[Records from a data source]
=== Section Start ===

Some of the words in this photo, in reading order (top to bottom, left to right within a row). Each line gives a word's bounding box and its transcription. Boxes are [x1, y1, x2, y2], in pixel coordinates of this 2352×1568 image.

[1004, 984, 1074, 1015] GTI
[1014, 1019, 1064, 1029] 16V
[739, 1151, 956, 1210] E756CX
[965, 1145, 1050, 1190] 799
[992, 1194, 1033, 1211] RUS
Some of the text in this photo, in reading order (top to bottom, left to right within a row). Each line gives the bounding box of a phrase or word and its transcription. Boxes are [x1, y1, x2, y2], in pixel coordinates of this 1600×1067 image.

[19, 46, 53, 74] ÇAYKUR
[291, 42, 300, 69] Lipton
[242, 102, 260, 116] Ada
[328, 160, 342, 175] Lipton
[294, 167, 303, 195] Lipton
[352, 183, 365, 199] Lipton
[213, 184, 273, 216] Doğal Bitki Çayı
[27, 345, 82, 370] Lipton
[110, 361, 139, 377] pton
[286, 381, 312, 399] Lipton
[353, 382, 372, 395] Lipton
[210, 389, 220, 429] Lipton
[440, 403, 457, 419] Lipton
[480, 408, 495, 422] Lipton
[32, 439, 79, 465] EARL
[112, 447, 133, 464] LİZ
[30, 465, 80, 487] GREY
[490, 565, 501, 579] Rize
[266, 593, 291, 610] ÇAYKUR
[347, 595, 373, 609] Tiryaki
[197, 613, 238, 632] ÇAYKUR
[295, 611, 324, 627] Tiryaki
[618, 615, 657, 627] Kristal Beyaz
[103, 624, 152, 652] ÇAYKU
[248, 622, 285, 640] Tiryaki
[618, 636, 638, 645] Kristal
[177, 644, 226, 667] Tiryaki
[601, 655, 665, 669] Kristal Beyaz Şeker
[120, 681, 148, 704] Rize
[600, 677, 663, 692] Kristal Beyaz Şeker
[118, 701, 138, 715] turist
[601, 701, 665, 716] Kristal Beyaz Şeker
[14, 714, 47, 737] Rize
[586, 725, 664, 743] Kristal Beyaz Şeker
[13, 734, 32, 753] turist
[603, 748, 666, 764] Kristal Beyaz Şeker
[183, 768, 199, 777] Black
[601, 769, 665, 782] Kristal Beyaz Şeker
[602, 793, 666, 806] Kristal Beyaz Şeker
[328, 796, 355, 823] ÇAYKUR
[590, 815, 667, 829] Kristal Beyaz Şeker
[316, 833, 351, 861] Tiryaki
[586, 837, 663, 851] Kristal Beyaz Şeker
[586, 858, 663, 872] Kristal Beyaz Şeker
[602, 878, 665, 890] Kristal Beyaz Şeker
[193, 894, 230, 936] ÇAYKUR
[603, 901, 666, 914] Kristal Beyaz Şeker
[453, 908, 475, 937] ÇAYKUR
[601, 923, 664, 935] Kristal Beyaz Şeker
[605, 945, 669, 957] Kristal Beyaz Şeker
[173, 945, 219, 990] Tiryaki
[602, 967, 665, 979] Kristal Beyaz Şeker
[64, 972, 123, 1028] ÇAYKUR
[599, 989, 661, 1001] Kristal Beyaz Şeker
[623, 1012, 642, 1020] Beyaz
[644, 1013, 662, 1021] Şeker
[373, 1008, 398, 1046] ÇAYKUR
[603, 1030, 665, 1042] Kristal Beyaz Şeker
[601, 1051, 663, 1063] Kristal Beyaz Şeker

=== Section End ===

Aim of the exercise: When you write the entries out again, keep every word and mark exactly as it is.

Reply:
Some of the words in this photo, in reading order (top to bottom, left to right within a row). Each line gives a word's bounding box and its transcription. Boxes are [x1, y1, x2, y2], in pixel coordinates of this 2352×1568 image.

[1004, 984, 1074, 1015] GTI
[1014, 1019, 1064, 1029] 16V
[739, 1151, 956, 1210] E756CX
[965, 1145, 1050, 1190] 799
[992, 1194, 1033, 1211] RUS
Some of the text in this photo, in reading order (top to bottom, left to right within a row). Each line gives the bounding box of a phrase or word and its transcription. Boxes are [x1, y1, x2, y2], in pixel coordinates of this 1600×1067 image.

[19, 46, 53, 74] ÇAYKUR
[291, 42, 300, 69] Lipton
[242, 102, 260, 116] Ada
[328, 160, 342, 175] Lipton
[294, 167, 303, 195] Lipton
[352, 183, 365, 199] Lipton
[213, 184, 273, 216] Doğal Bitki Çayı
[27, 345, 82, 370] Lipton
[110, 361, 139, 377] pton
[286, 381, 312, 399] Lipton
[353, 382, 372, 395] Lipton
[210, 389, 220, 429] Lipton
[440, 403, 457, 419] Lipton
[480, 408, 495, 422] Lipton
[32, 439, 79, 465] EARL
[112, 447, 133, 464] LİZ
[30, 465, 80, 487] GREY
[490, 565, 501, 579] Rize
[266, 593, 291, 610] ÇAYKUR
[347, 595, 373, 609] Tiryaki
[197, 613, 238, 632] ÇAYKUR
[295, 611, 324, 627] Tiryaki
[618, 615, 657, 627] Kristal Beyaz
[103, 624, 152, 652] ÇAYKU
[248, 622, 285, 640] Tiryaki
[618, 636, 638, 645] Kristal
[177, 644, 226, 667] Tiryaki
[601, 655, 665, 669] Kristal Beyaz Şeker
[120, 681, 148, 704] Rize
[600, 677, 663, 692] Kristal Beyaz Şeker
[118, 701, 138, 715] turist
[601, 701, 665, 716] Kristal Beyaz Şeker
[14, 714, 47, 737] Rize
[586, 725, 664, 743] Kristal Beyaz Şeker
[13, 734, 32, 753] turist
[603, 748, 666, 764] Kristal Beyaz Şeker
[183, 768, 199, 777] Black
[601, 769, 665, 782] Kristal Beyaz Şeker
[602, 793, 666, 806] Kristal Beyaz Şeker
[328, 796, 355, 823] ÇAYKUR
[590, 815, 667, 829] Kristal Beyaz Şeker
[316, 833, 351, 861] Tiryaki
[586, 837, 663, 851] Kristal Beyaz Şeker
[586, 858, 663, 872] Kristal Beyaz Şeker
[602, 878, 665, 890] Kristal Beyaz Şeker
[193, 894, 230, 936] ÇAYKUR
[603, 901, 666, 914] Kristal Beyaz Şeker
[453, 908, 475, 937] ÇAYKUR
[601, 923, 664, 935] Kristal Beyaz Şeker
[605, 945, 669, 957] Kristal Beyaz Şeker
[173, 945, 219, 990] Tiryaki
[602, 967, 665, 979] Kristal Beyaz Şeker
[64, 972, 123, 1028] ÇAYKUR
[599, 989, 661, 1001] Kristal Beyaz Şeker
[623, 1012, 642, 1020] Beyaz
[644, 1013, 662, 1021] Şeker
[373, 1008, 398, 1046] ÇAYKUR
[603, 1030, 665, 1042] Kristal Beyaz Şeker
[601, 1051, 663, 1063] Kristal Beyaz Şeker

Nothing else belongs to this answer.